*** Extracted information
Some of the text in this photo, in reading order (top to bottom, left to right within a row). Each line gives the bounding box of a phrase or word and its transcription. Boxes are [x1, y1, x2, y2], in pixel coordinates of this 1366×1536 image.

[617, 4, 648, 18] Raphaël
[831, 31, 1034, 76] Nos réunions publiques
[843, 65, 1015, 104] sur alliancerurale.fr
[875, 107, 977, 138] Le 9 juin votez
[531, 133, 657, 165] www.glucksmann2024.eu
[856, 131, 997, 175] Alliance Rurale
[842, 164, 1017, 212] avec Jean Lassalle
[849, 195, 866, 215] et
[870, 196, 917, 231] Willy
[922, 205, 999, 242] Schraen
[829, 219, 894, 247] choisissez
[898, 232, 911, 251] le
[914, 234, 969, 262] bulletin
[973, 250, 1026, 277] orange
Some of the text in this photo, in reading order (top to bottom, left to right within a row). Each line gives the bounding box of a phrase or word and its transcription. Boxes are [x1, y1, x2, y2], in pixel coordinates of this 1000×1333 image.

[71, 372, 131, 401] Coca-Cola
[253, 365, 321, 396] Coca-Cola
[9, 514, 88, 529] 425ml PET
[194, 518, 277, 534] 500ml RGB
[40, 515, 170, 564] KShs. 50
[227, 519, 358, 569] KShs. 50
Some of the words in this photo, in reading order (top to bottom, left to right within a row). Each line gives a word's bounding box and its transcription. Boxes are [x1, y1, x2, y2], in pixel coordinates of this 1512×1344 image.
******
Problem to solve: Print out each record above exactly, with nothing omitted.

Solution:
Some of the text in this photo, in reading order (top to bottom, left to right within a row). Each line gives the bounding box of a phrase or word and its transcription. Boxes are [x1, y1, x2, y2], in pixel coordinates of this 1366×1536 image.

[617, 4, 648, 18] Raphaël
[831, 31, 1034, 76] Nos réunions publiques
[843, 65, 1015, 104] sur alliancerurale.fr
[875, 107, 977, 138] Le 9 juin votez
[531, 133, 657, 165] www.glucksmann2024.eu
[856, 131, 997, 175] Alliance Rurale
[842, 164, 1017, 212] avec Jean Lassalle
[849, 195, 866, 215] et
[870, 196, 917, 231] Willy
[922, 205, 999, 242] Schraen
[829, 219, 894, 247] choisissez
[898, 232, 911, 251] le
[914, 234, 969, 262] bulletin
[973, 250, 1026, 277] orange
Some of the text in this photo, in reading order (top to bottom, left to right within a row). Each line gives the bounding box of a phrase or word and its transcription. Boxes are [x1, y1, x2, y2], in pixel coordinates of this 1000×1333 image.

[71, 372, 131, 401] Coca-Cola
[253, 365, 321, 396] Coca-Cola
[9, 514, 88, 529] 425ml PET
[194, 518, 277, 534] 500ml RGB
[40, 515, 170, 564] KShs. 50
[227, 519, 358, 569] KShs. 50
Some of the words in this photo, in reading order (top to bottom, left to right within a row). Each line gives a word's bounding box and its transcription. Boxes are [x1, y1, x2, y2], in pixel coordinates of this 1512×1344 image.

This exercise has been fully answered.